Goal of the exercise: The line containing "this 1500×1000 image." and every line after it, through the last one below: output exactly these and nothing else.

Stored data:
====

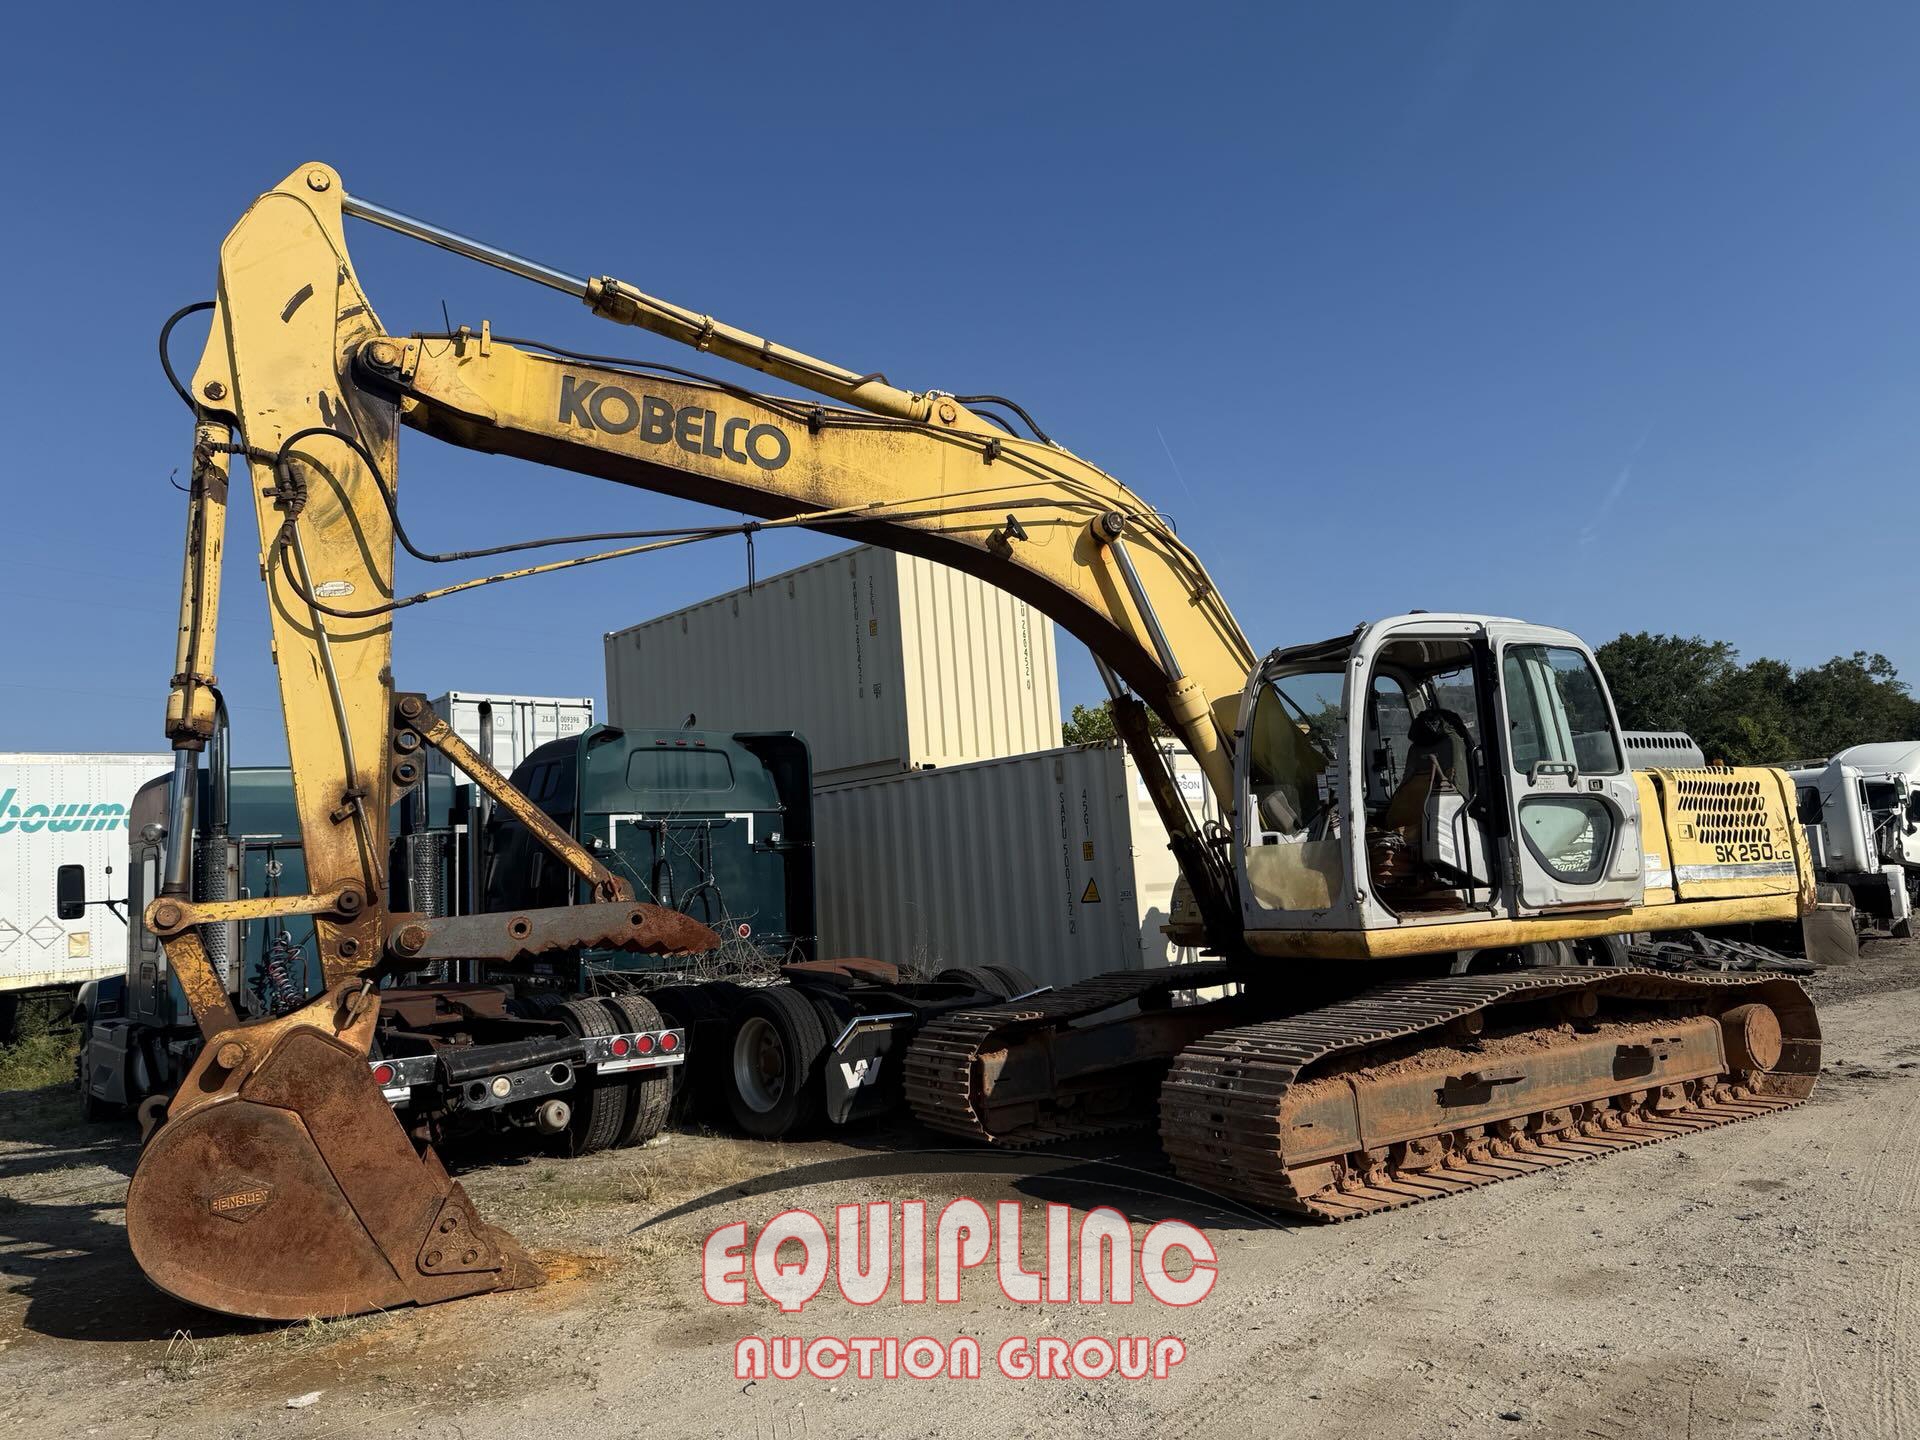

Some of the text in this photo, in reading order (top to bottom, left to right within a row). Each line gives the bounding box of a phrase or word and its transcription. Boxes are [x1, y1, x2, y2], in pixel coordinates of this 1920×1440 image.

[559, 375, 791, 470] KOBELCO
[0, 788, 130, 835] bowm
[1059, 792, 1068, 840] SAPU
[1082, 789, 1090, 837] 45G1
[1063, 844, 1074, 916] 500122
[212, 1189, 272, 1211] HENSLEY
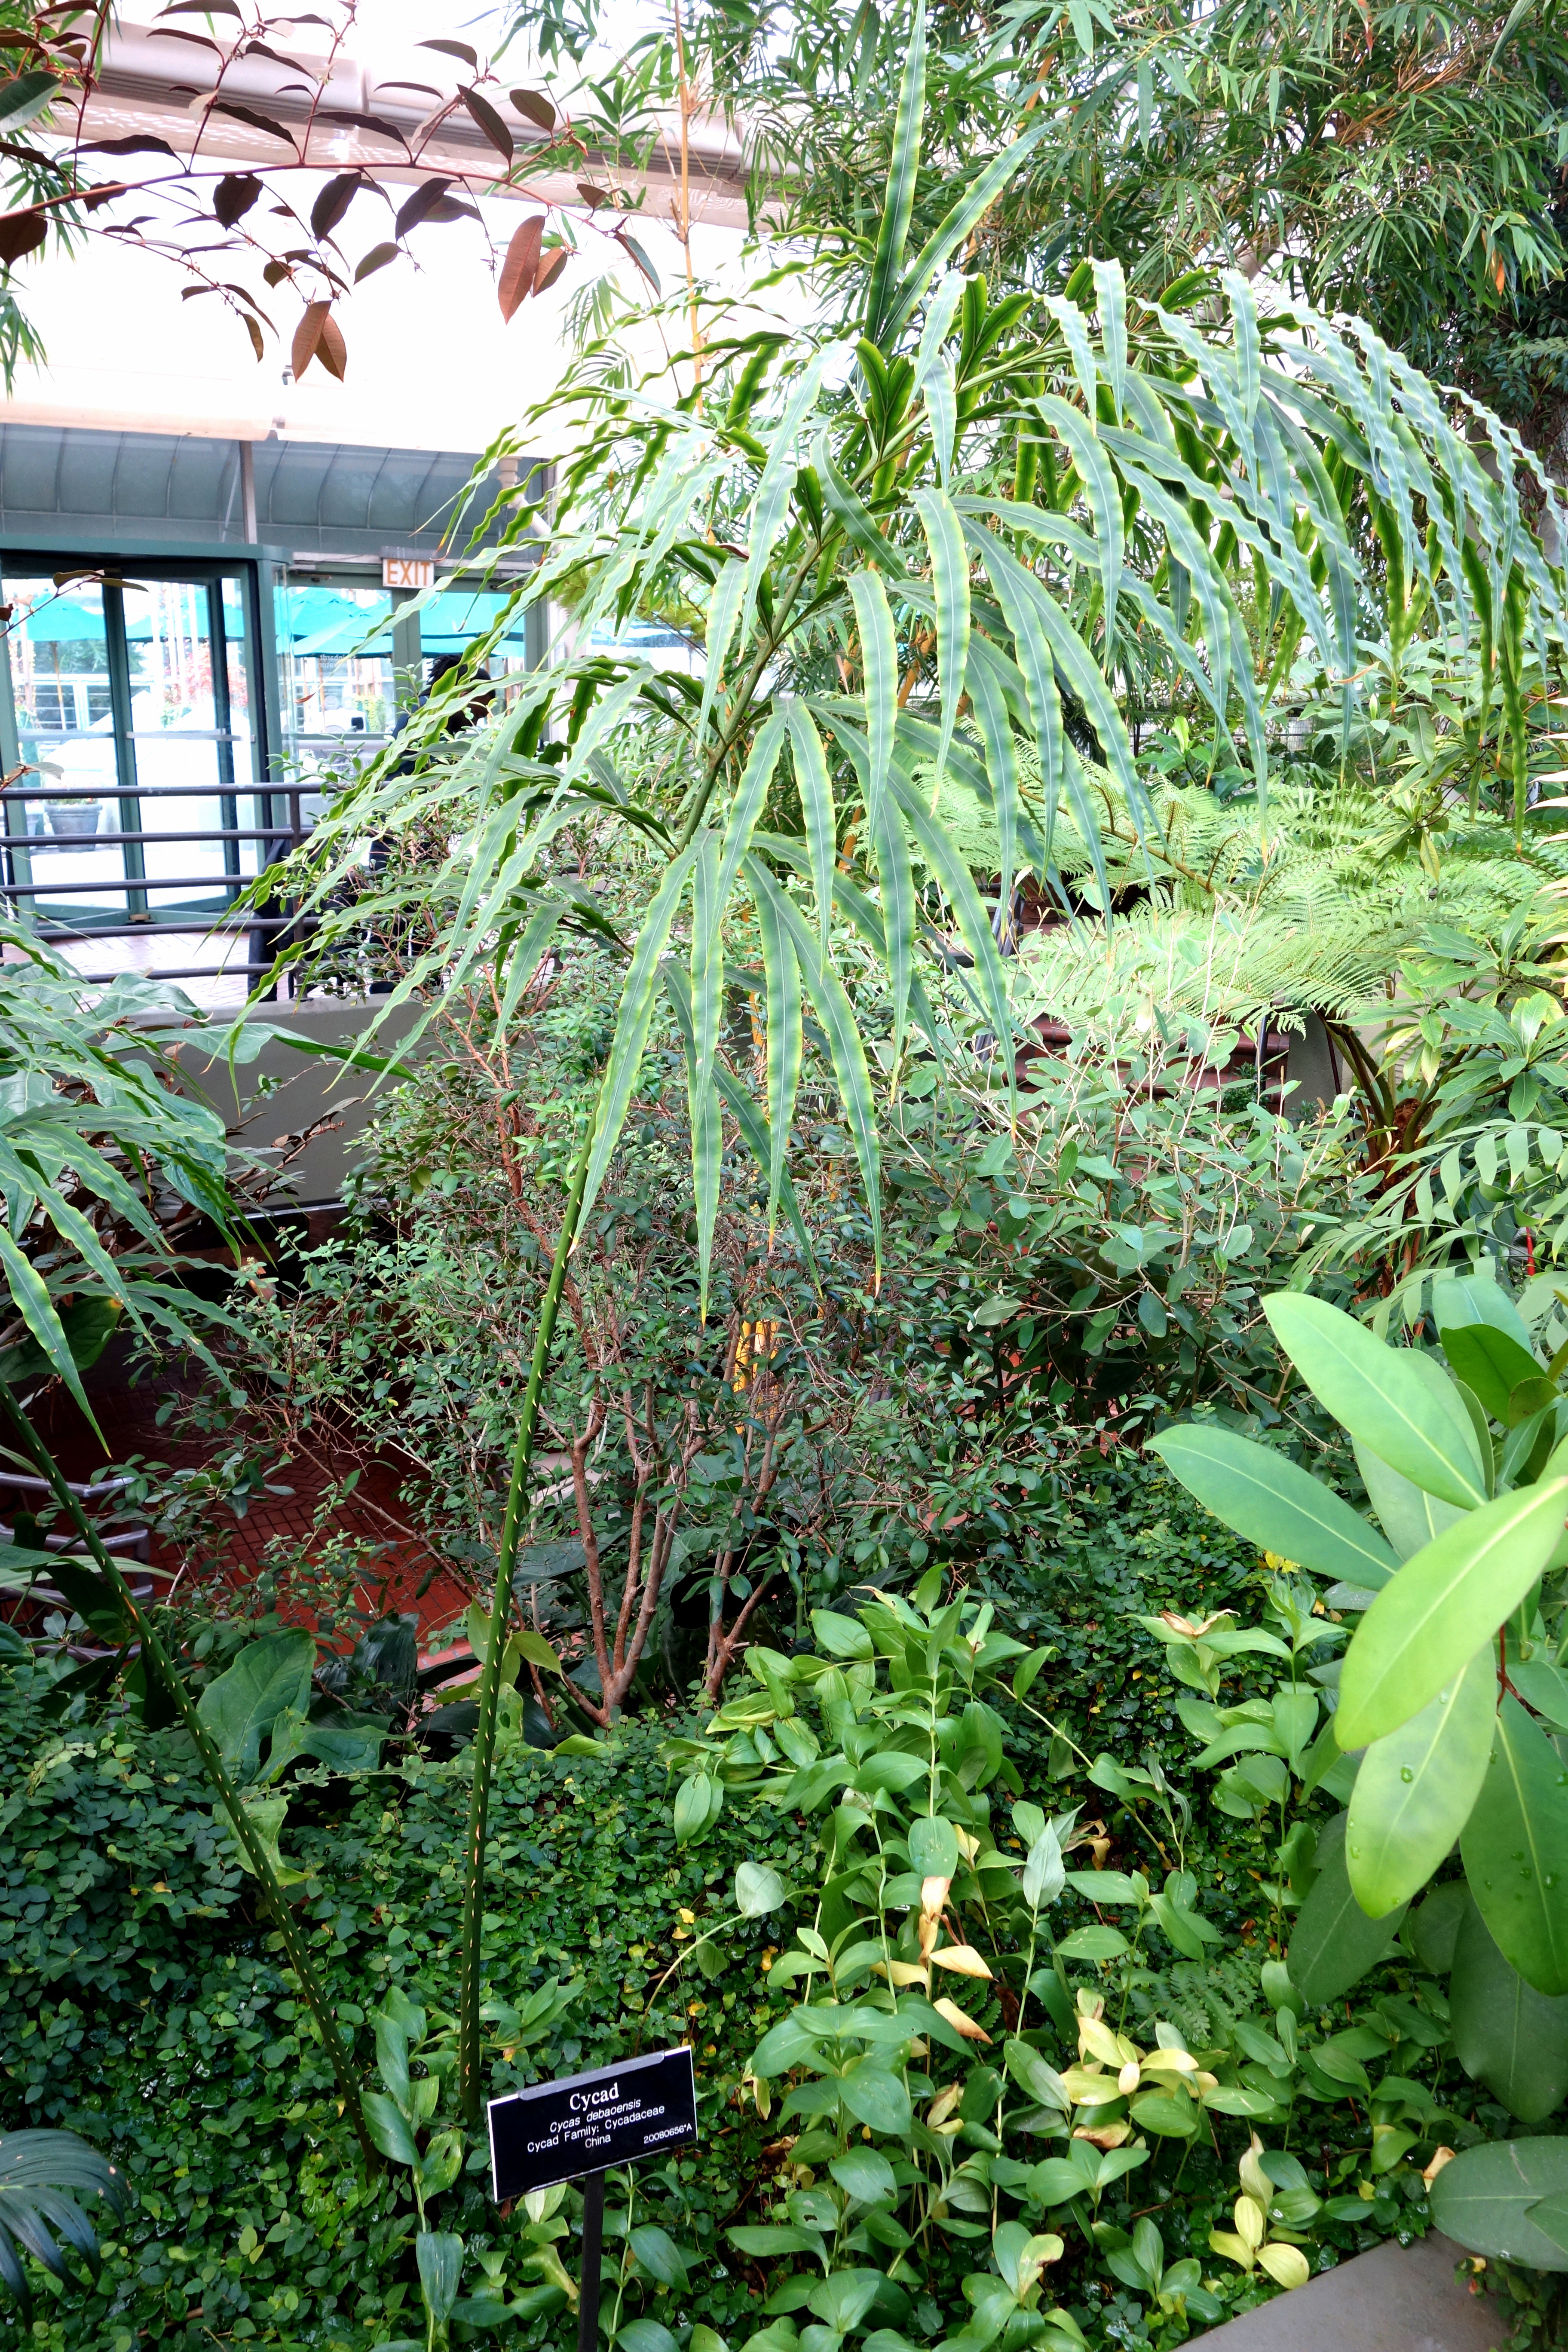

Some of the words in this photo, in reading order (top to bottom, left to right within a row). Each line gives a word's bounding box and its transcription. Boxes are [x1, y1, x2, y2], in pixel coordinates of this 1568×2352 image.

[387, 559, 430, 586] EXIT
[570, 2082, 619, 2111] Cycad
[527, 2137, 559, 2153] Cycad
[564, 2125, 599, 2144] Family:
[605, 2105, 665, 2130] Cycadaceae
[550, 2117, 581, 2133] Cycas
[586, 2099, 641, 2122] debaoensis
[585, 2134, 611, 2148] China
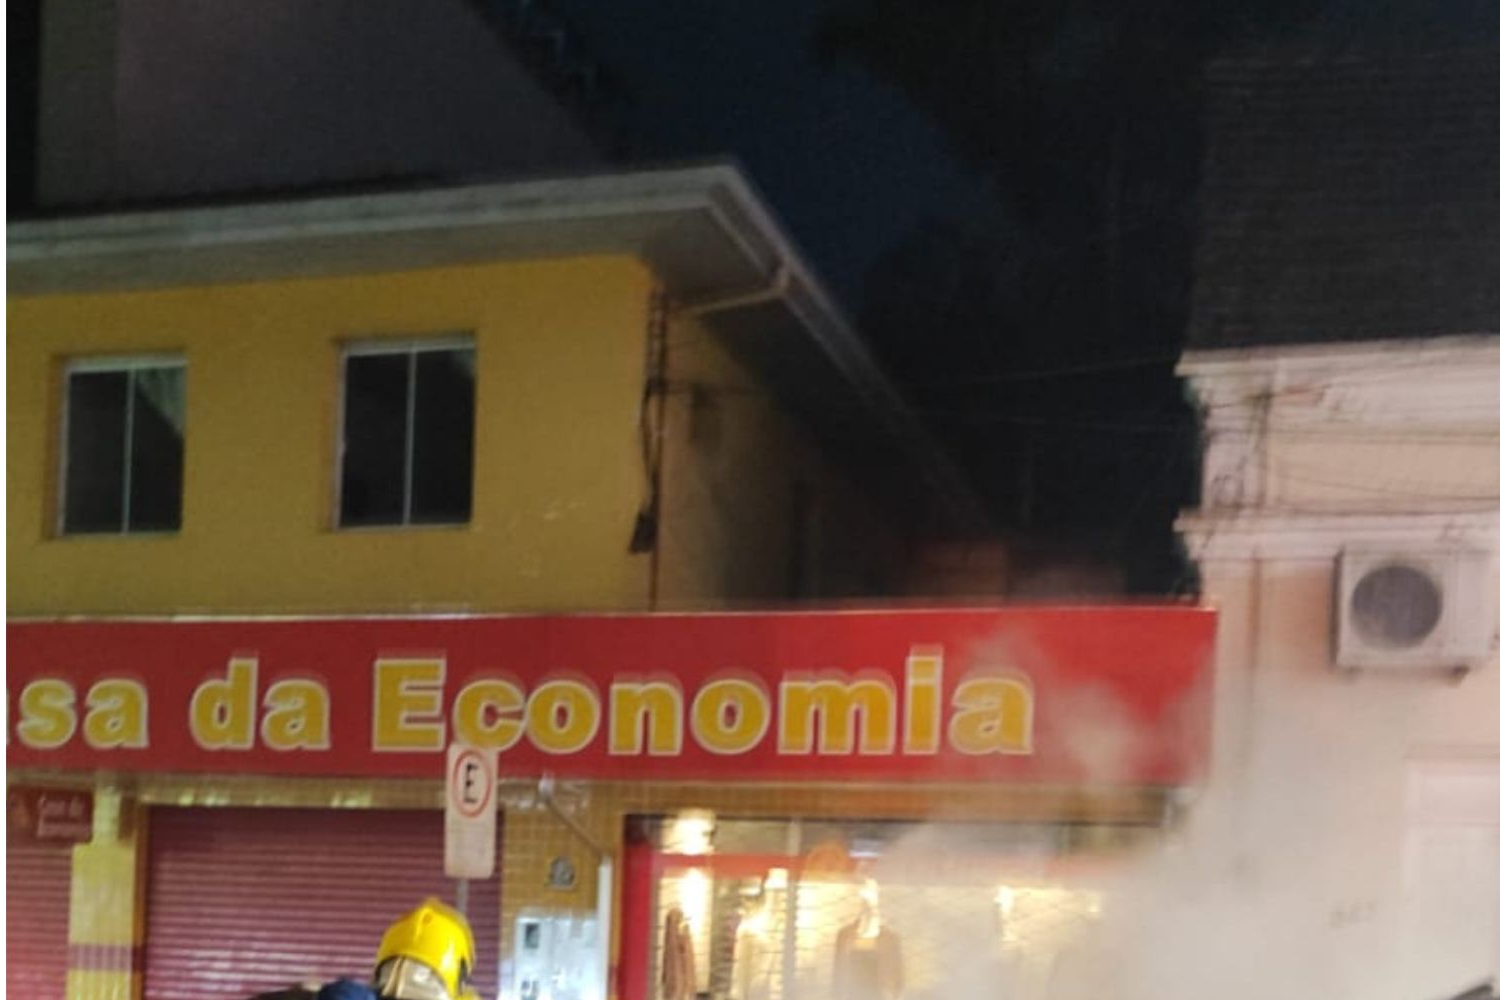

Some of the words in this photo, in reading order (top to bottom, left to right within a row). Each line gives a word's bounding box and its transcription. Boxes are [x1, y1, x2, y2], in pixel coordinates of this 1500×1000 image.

[7, 679, 150, 749] sa
[190, 657, 331, 750] da
[372, 654, 1033, 757] Economia
[463, 762, 480, 804] E

====

Task solution:
Some of the words in this photo, in reading order (top to bottom, left to right within a row). Each line gives a word's bounding box and its transcription. Boxes are [x1, y1, x2, y2], in pixel coordinates of this 1500×1000 image.

[7, 679, 150, 749] sa
[190, 657, 331, 750] da
[372, 654, 1033, 757] Economia
[463, 762, 480, 804] E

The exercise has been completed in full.